___ Data for this exercise

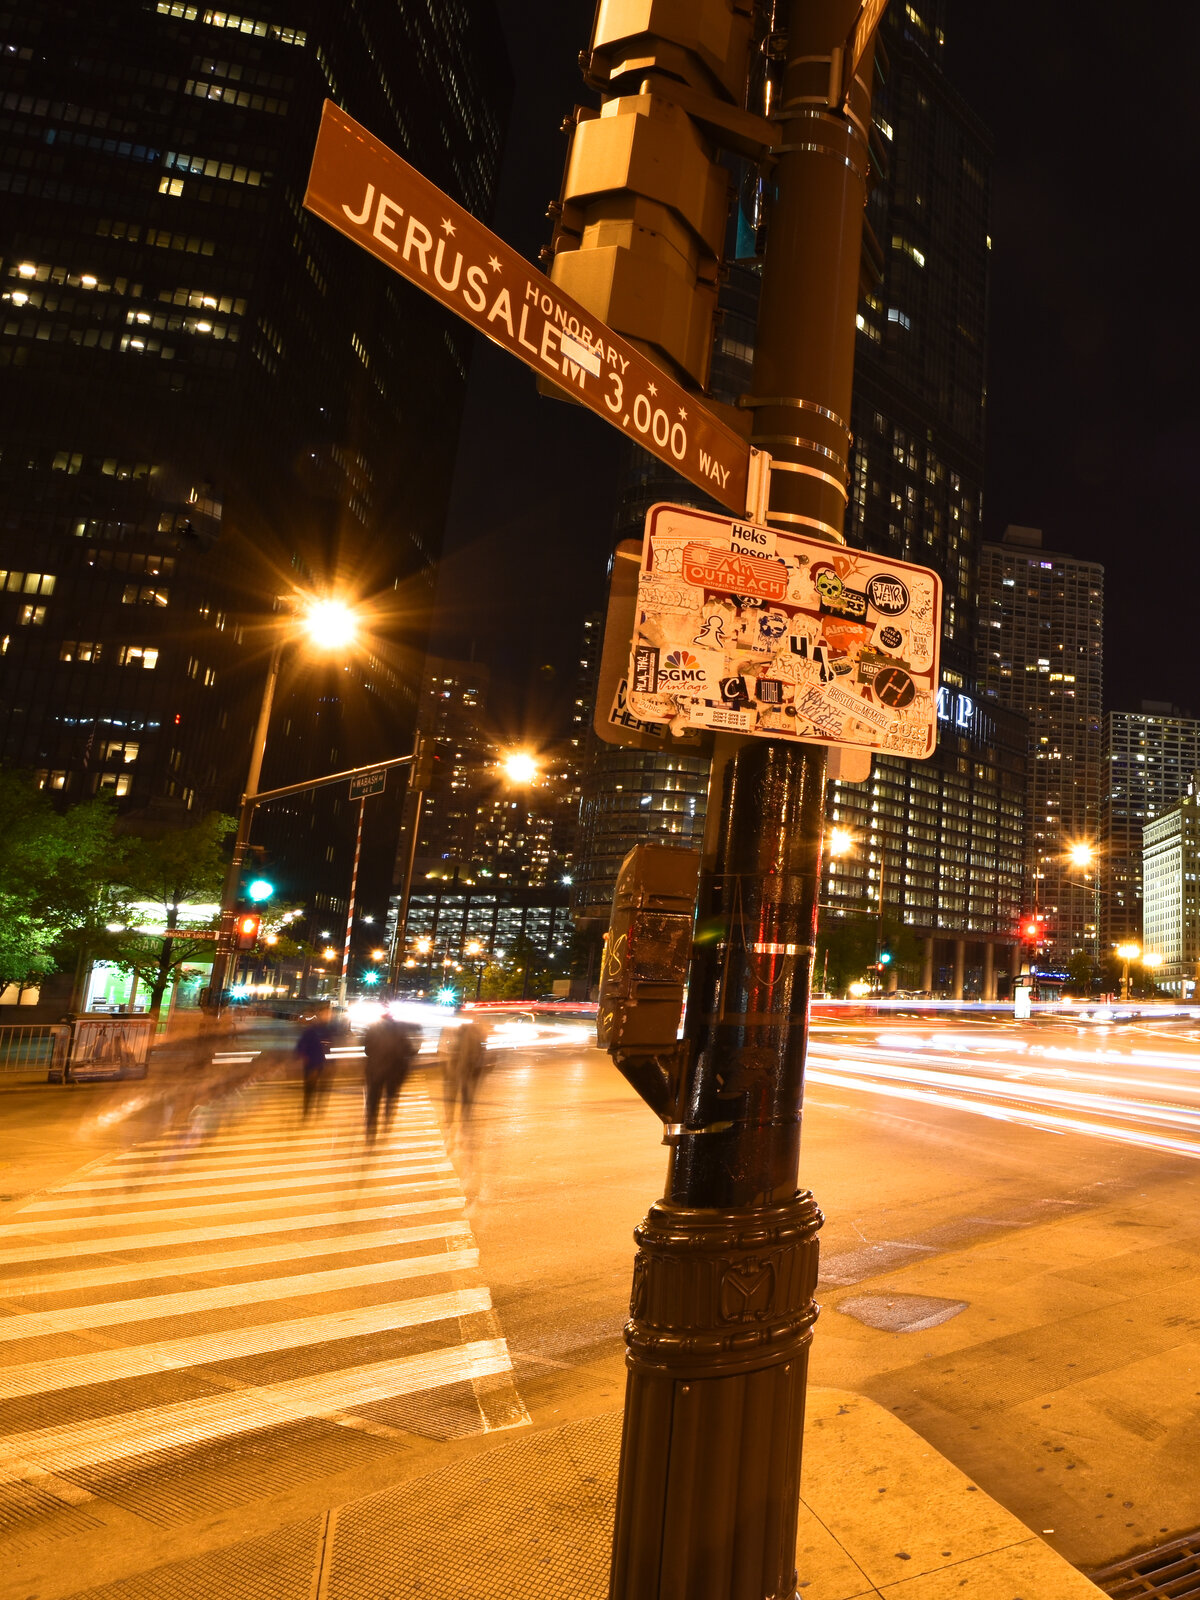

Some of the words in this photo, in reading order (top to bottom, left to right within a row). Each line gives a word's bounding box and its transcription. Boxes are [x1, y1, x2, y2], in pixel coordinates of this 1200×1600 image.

[341, 182, 587, 390] JERUSALEM
[604, 372, 687, 460] 3,000
[699, 448, 731, 490] WAY
[525, 281, 630, 375] HONORARY
[732, 525, 767, 545] Heks
[690, 567, 780, 594] OUTREACH
[825, 624, 864, 636] Almost
[658, 669, 707, 682] SGMC
[657, 679, 709, 695] Vintage
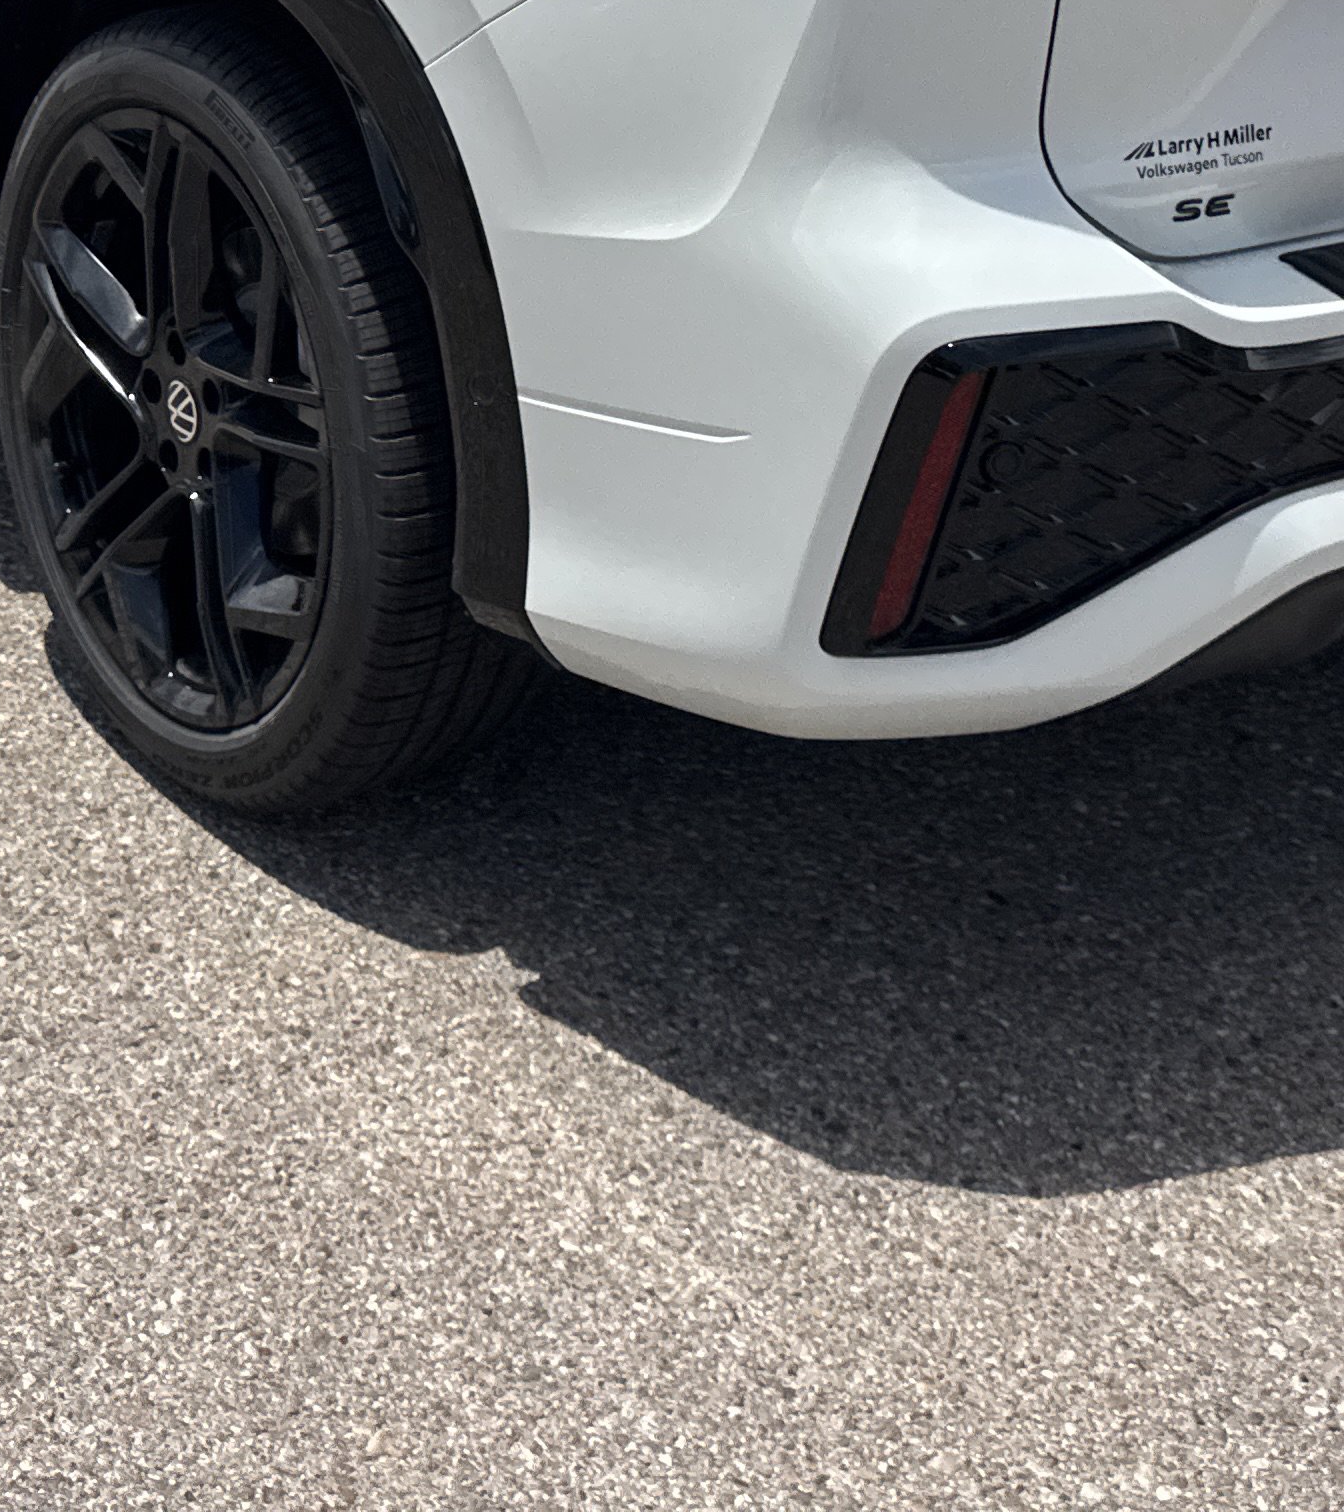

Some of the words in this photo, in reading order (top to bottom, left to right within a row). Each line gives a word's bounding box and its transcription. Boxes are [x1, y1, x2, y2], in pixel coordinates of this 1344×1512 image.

______

Set down every entry above again exactly, dropping each picture.

**Response:**
Some of the words in this photo, in reading order (top to bottom, left to right within a row). Each line gives a word's bounding box and its transcription. Boxes are [x1, y1, x2, y2], in pixel coordinates of this 1200×1600 image.

[341, 182, 587, 390] JERUSALEM
[604, 372, 687, 460] 3,000
[699, 448, 731, 490] WAY
[525, 281, 630, 375] HONORARY
[732, 525, 767, 545] Heks
[690, 567, 780, 594] OUTREACH
[825, 624, 864, 636] Almost
[658, 669, 707, 682] SGMC
[657, 679, 709, 695] Vintage

Some of the words in this photo, in reading order (top to bottom, left to right within a row). Each line gives a word's bounding box and its transcription. Boxes are [x1, y1, x2, y2], in pixel coordinates of this 1344×1512 image.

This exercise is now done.